Saat Jokowi terpilih menjadi Gubernur DKI (Oktober 2012), Jokowi yang mempunyai Program untuk merevitalisasi Sungai Ciliwung dan membangun Kampung Deret sudah menyebut Dana yang akan dipakai untuk Kampung Deret (Rusun) berasal dari para Pengembang Swasta atas kewajibannya sesuai Pergub No.540 tahun 1990 tersebut. Jokowipun sejak awal tahun 2013 Jokowi sudah menginventarisir masalah ini.

Pada tanggal 17 Mei 2013 melalui berbagai Media, Jokowi menyampaikan bahwa sebenarnya banyak Pengembang yang tercatat masih memiliki Hutang untuk membangun Rusun-rusun di DKI. Menurut Jokowi seharusnya dari sekian banyak Pengembang sudah membangun 680 Unit rumah susun.

"Ini harus segera dibangun karena rakyat, masyarakat, warga membutuhkan. Ini uang yang tidak sedikit, ini mungkin kalau kita itung-itung bisa sampai Rp 13 triliun," jelas Jokowi.

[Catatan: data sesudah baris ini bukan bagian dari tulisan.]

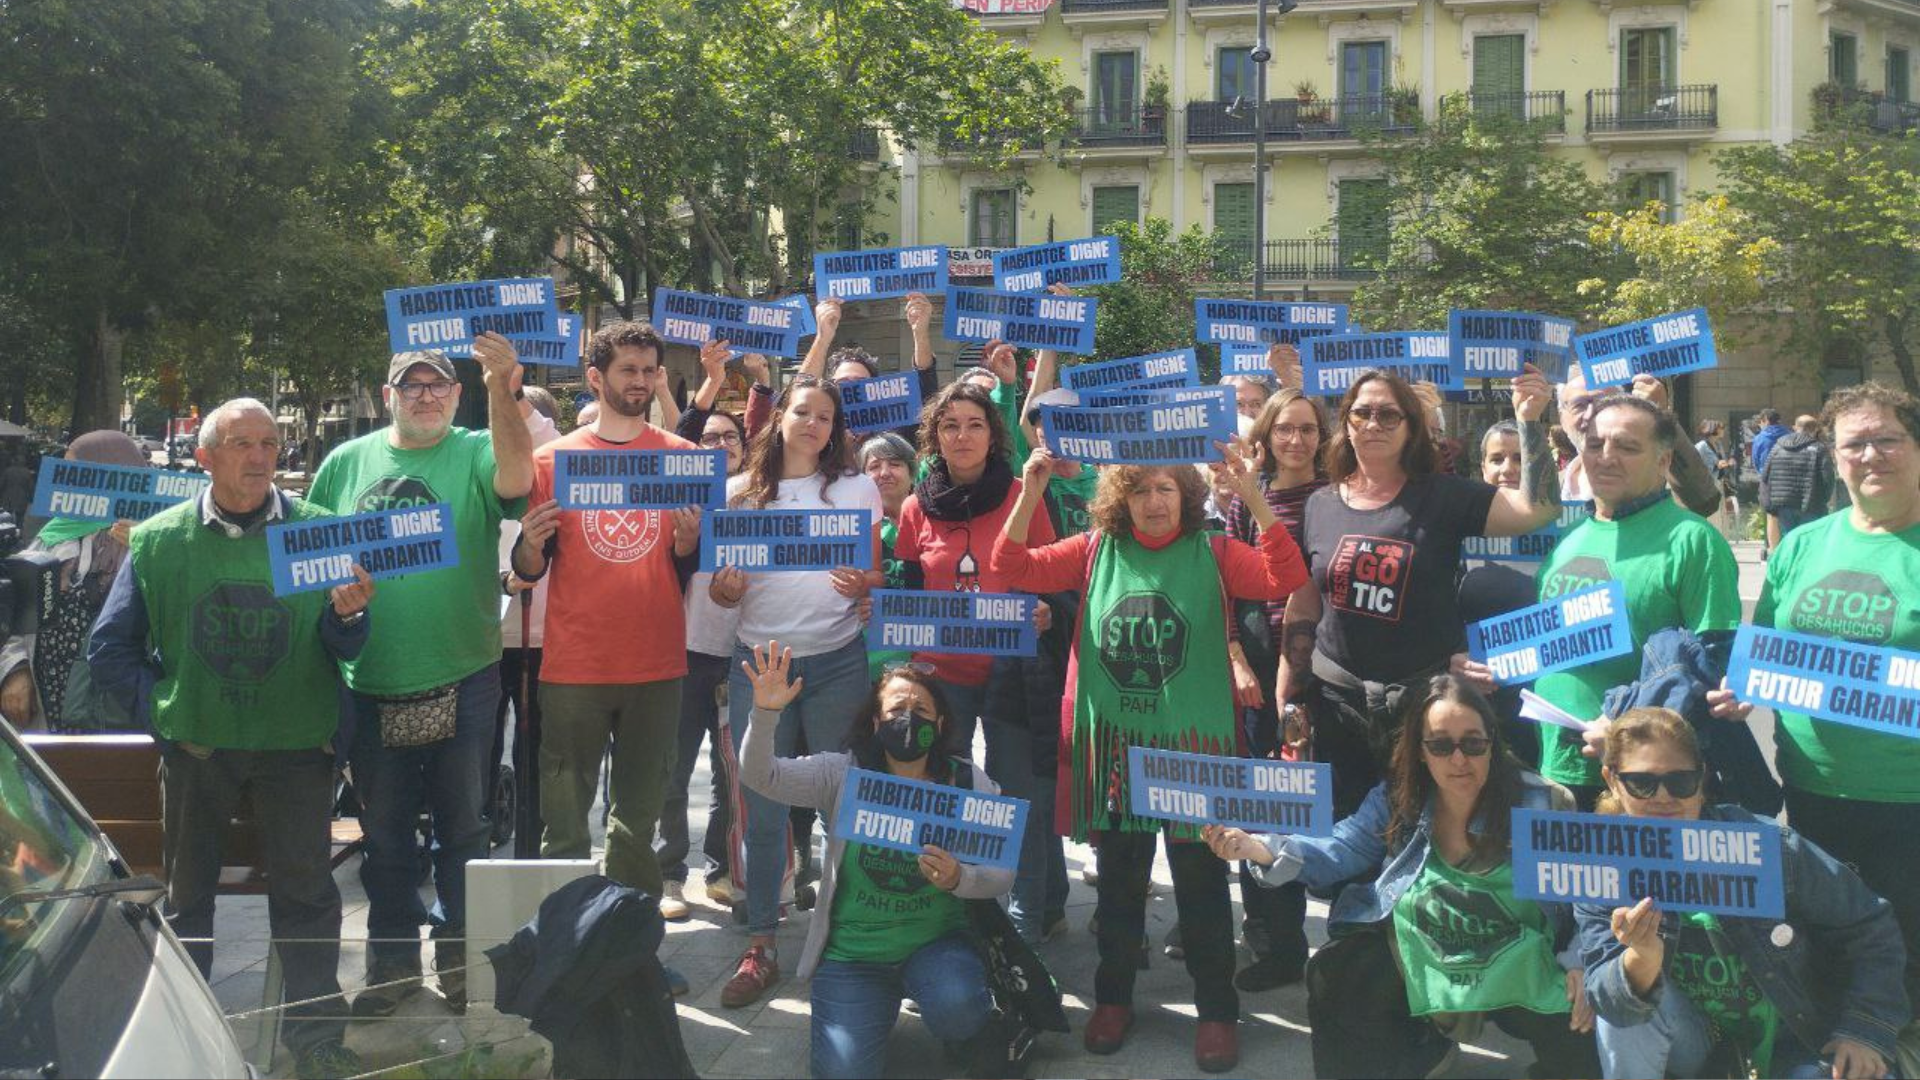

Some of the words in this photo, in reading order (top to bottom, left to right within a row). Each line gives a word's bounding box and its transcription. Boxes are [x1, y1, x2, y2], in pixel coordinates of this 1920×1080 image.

[824, 252, 896, 275] HABITATGE
[900, 249, 938, 269] DIGNE
[1001, 247, 1066, 272] HABITATGE
[1070, 240, 1109, 260] DIGNE
[828, 277, 871, 297] FUTUR
[875, 272, 937, 293] GARANTIT
[1005, 272, 1042, 292] FUTUR
[1046, 263, 1108, 285] GARANTIT
[400, 286, 497, 316] HABITATGE
[499, 283, 545, 306] DIGNE
[666, 294, 744, 322] HABITATGE
[747, 306, 793, 328] DIGNE
[956, 291, 1035, 317] HABITATGE
[1040, 299, 1086, 322] DIGNE
[1206, 303, 1286, 323] HABITATGE
[1291, 306, 1336, 325] DIGNE
[407, 318, 465, 345] FUTUR
[470, 311, 545, 335] GARANTIT
[664, 318, 711, 342] FUTUR
[715, 326, 786, 351] GARANTIT
[957, 316, 1002, 339] FUTUR
[1006, 322, 1080, 346] GARANTIT
[1210, 324, 1256, 342] FUTUR
[1460, 316, 1542, 340] HABITATGE
[1583, 326, 1652, 359] HABITATGE
[1653, 314, 1700, 344] DIGNE
[1234, 355, 1273, 371] FUTU
[1313, 338, 1404, 362] HABITATGE
[1409, 336, 1449, 357] DIGN
[1464, 347, 1518, 371] FUTUR
[1591, 357, 1630, 384] FUTUR
[1631, 342, 1700, 375] GARANTIT
[1071, 362, 1141, 390] HABITATGE
[1145, 354, 1188, 378] DIGNE
[865, 377, 909, 401] DIGNE
[1052, 410, 1148, 433] HABITATGE
[1153, 404, 1209, 432] DIGNE
[1059, 437, 1113, 459] FUTUR
[1119, 436, 1207, 460] GARANTIT
[53, 464, 151, 493] HABITATGE
[567, 455, 659, 476] HABITATGE
[664, 455, 714, 476] DIGNE
[50, 491, 110, 517] FUTUR
[569, 483, 623, 504] FUTUR
[629, 483, 711, 504] GARANTIT
[283, 517, 387, 555] HABITATGE
[391, 509, 442, 538] DIGNE
[713, 515, 804, 538] HABITATGE
[810, 514, 860, 537] DIGNE
[716, 545, 768, 567] FUTUR
[774, 543, 856, 566] GARANTIT
[1359, 541, 1372, 552] AL
[1462, 536, 1512, 555] UTUR
[291, 554, 354, 587] FUTUR
[360, 540, 442, 573] GARANTIT
[1332, 541, 1358, 604] RESISTIM
[1356, 552, 1399, 585] GO
[882, 595, 970, 619] HABITATGE
[976, 598, 1025, 622] DIGNE
[1353, 581, 1394, 613] TIC
[1800, 587, 1892, 620] STOP
[203, 605, 279, 639] STOP
[1108, 615, 1176, 650] STOP
[1479, 605, 1560, 651] HABITATGE
[1562, 588, 1613, 628] DIGNE
[1796, 613, 1885, 638] DESAHUCIOS
[883, 623, 935, 647] FUTUR
[941, 626, 1021, 650] GARANTIT
[1487, 647, 1538, 679] FUTUR
[1540, 623, 1613, 667] GARANTIT
[1749, 632, 1882, 682] HABITATGE
[1746, 668, 1823, 710] FUTUR
[1120, 696, 1157, 714] PAH
[1144, 756, 1247, 790] HABITATGE
[1254, 765, 1316, 795] DIGNE
[857, 776, 959, 819] HABITATGE
[962, 796, 1016, 829] DIGNE
[1148, 786, 1207, 818] FUTUR
[1213, 796, 1313, 828] GARANTIT
[854, 809, 914, 845] FUTUR
[919, 823, 1007, 860] GARANTIT
[1531, 820, 1673, 859] HABITATGE
[1681, 828, 1762, 865] DIGNE
[1537, 861, 1619, 899] FUTUR
[1628, 868, 1758, 908] GARANTIT
[856, 890, 889, 912] PAH

Dua pengembang raksasa yang ingin dikejar (ditagih hutangnya) adalah Agung Podomoro dan Agung Sedayu. Podomoro adalah Developer terbesar di Indonesia dengan sekian banyak anak perusahaan property. Podomoro sudah dikenal masyarakat karena sudah membangun banyak kawasan elit seperti Simprug Senayan, Sunter Podomoro, Kelapa Gading dan lain-lainnya. Salah satu kewajiban Agung Podomoro dan Agung Sedayu adalah membangun Rusun Daan Mogot. Mohon dicatat bahwa sejak tahun 2013, Agung Sedayu dan Agung Podomoro sudah ditagih oleh Jokowi untuk membangun Rusun Daan Mogot.

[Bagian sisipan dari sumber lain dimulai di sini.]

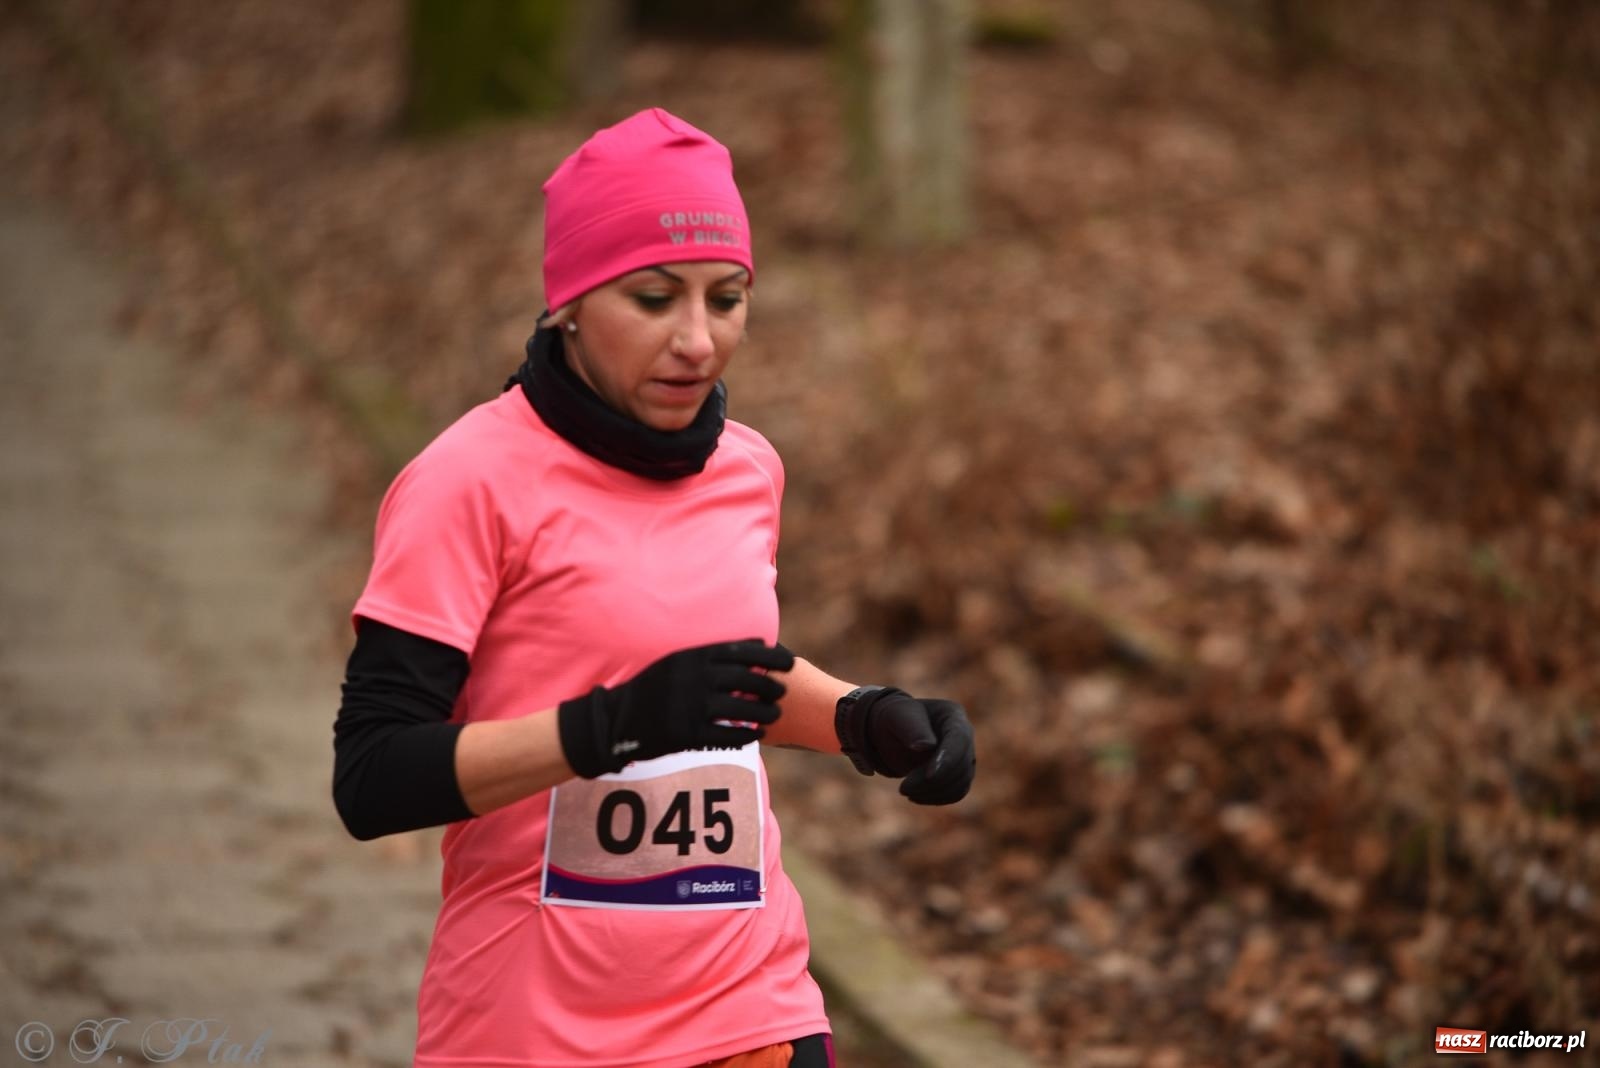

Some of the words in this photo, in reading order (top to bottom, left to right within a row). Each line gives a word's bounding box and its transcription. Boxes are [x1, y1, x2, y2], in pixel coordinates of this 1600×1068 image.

[668, 231, 687, 246] W
[596, 788, 733, 856] 045
[692, 880, 736, 894] Racibórz

Pada tanggal 20 Mei 2013, Ahok sebagai Wakil Gubernur DKI hadir di Semanan Daan Mogot untuk meresmikan Ground Breaking (peletakan batu pertama) pembangunan Rusun Daan Mogot oleh Agung Podomoro dan Agung Sedayu. Mereka harus membangun Rusun ini karena kewajiban 20% dari Pembangunan Komplek Pantai Indah Kapuk dan lainnya. Dalam kesempatan itu Ahok juga menyatakan akan menagih Pengembang Bakrie Swasakti Utama (Bakrie Grup) yang mengelola Gedung Epicentrum, Kuningan Jaksel.

“Untuk pengembang besarnya, kami masih terus mengincar Epicentrum. Kalau mereka memang sudah membayar tanggungannya, buktinya mana? Kami punya buktinya,” kata Basuki di Rusunawa Daan Mogot, Jakarta Barat, Kamis (20/6/2013).

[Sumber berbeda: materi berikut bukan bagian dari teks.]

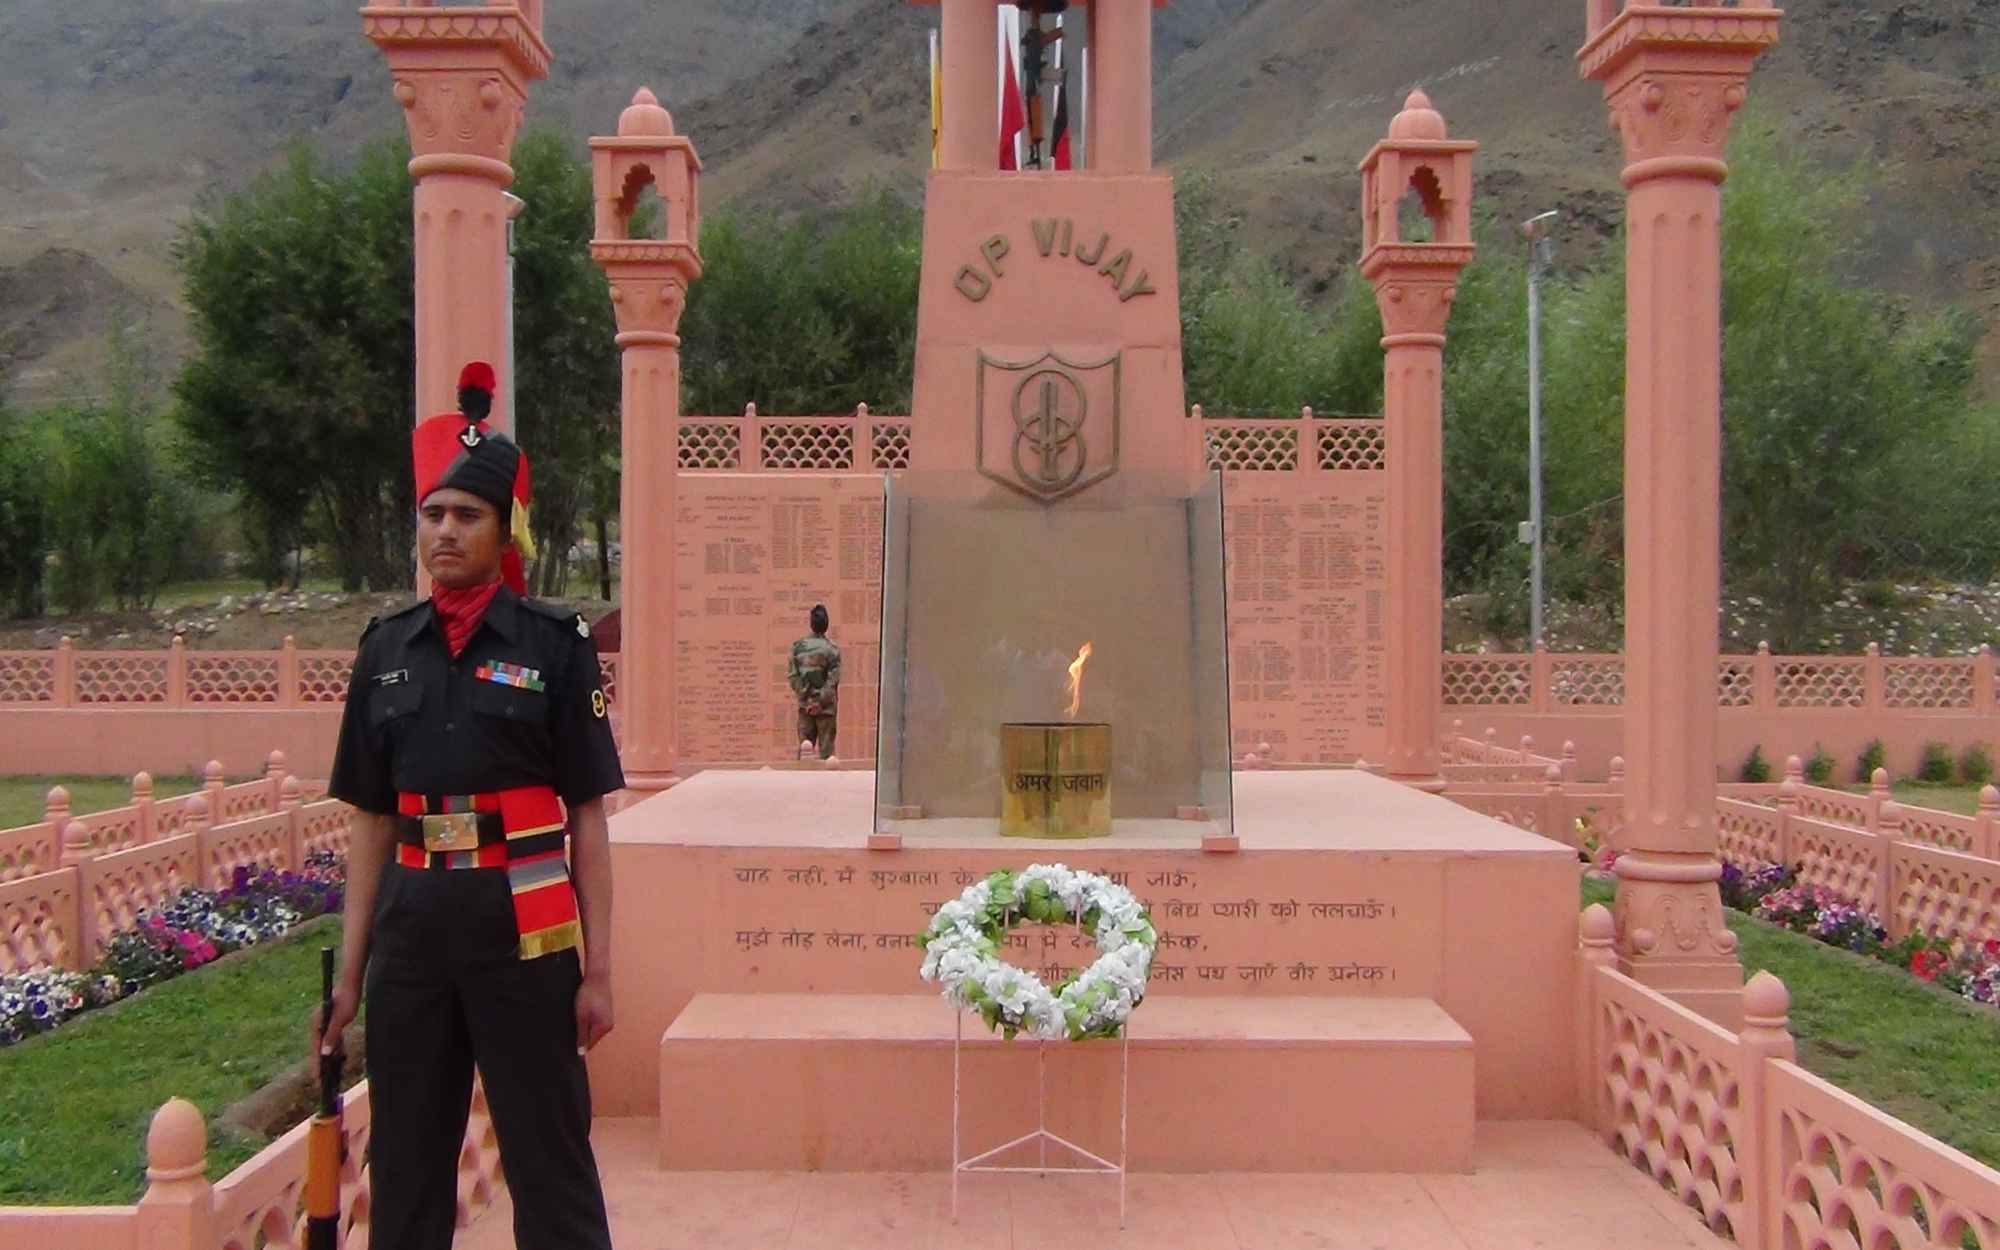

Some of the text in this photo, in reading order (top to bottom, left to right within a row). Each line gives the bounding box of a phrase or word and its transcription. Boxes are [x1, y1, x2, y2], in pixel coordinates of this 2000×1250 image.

[954, 217, 1157, 303] OP VIJAY
[1015, 772, 1104, 793] अमर जवान
[1269, 899, 1299, 918] को
[1195, 965, 1227, 980] पथ
[1286, 962, 1318, 980] वीर

**Jurus Ngeles Ahok, Rp.219 Milyar, Perjanjian Preman dan Pengalihan Isu Diskresi **

Sekarang kita bahas soal Ahok dan Reklamasi. Bahwa sudah lama Ahok dikenal dengan Jurus Ngelesnya. Puluhan pertikaian Ahok dengan berbagai pihak (sepertinya) selalu dimenangkan Ahok dengan Jurus tersebut. Terakhir yang bisa dicatat adalah ketika Ahok sampai diperiksa 12 Jam oleh KPK untuk Kasus Sumber Waras, Ahok mengatakan BPK Ngaco. Setelah itu Ahok menyerang Ketua BPK Harry Azhar dengan isu Panama Papers.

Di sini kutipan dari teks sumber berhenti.